Dataset entries:
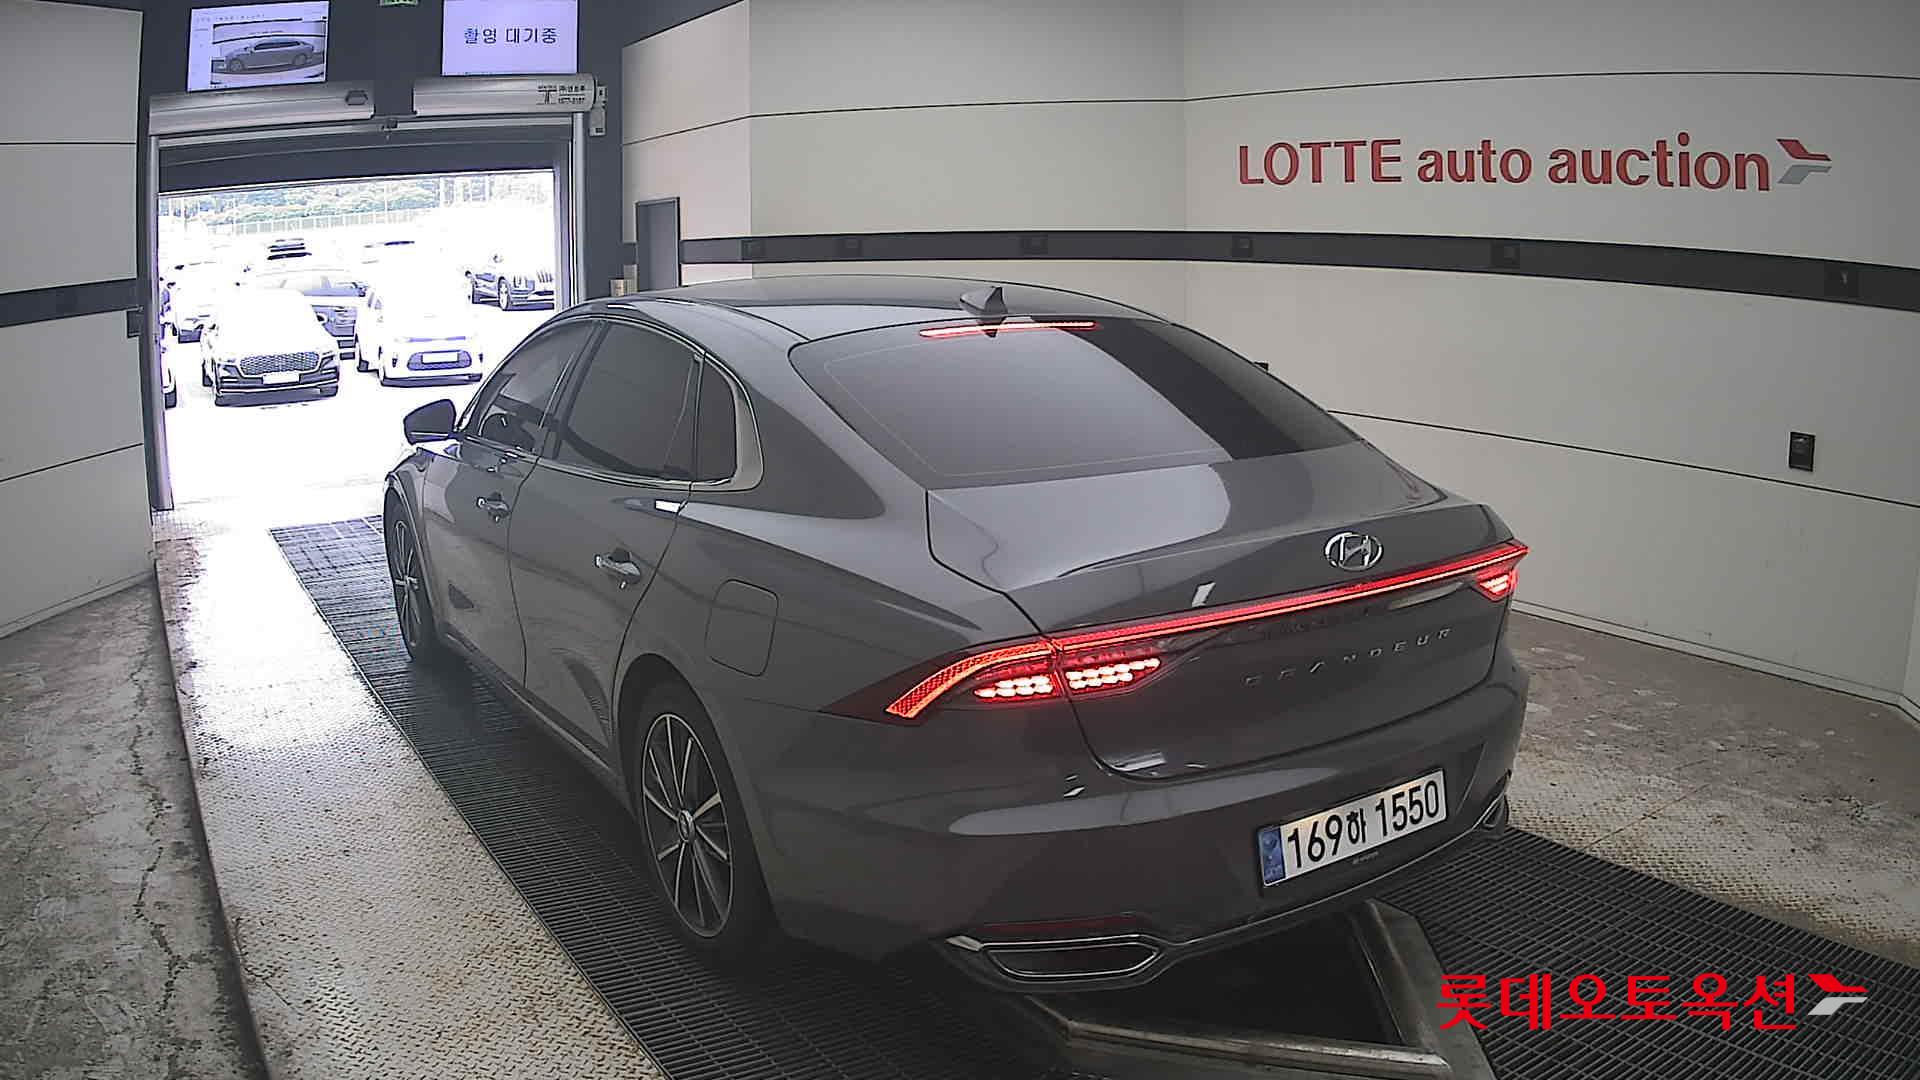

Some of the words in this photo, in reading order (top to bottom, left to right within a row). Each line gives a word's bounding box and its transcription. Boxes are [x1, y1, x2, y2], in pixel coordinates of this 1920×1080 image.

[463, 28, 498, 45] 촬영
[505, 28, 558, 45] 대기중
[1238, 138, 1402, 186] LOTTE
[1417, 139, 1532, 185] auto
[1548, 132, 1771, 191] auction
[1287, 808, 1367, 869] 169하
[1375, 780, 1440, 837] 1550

- Exercise directions:
Set down the entries above again exactly, minus any image.

- Result:
Some of the words in this photo, in reading order (top to bottom, left to right within a row). Each line gives a word's bounding box and its transcription. Boxes are [x1, y1, x2, y2], in pixel coordinates of this 1920×1080 image.

[463, 28, 498, 45] 촬영
[505, 28, 558, 45] 대기중
[1238, 138, 1402, 186] LOTTE
[1417, 139, 1532, 185] auto
[1548, 132, 1771, 191] auction
[1287, 808, 1367, 869] 169하
[1375, 780, 1440, 837] 1550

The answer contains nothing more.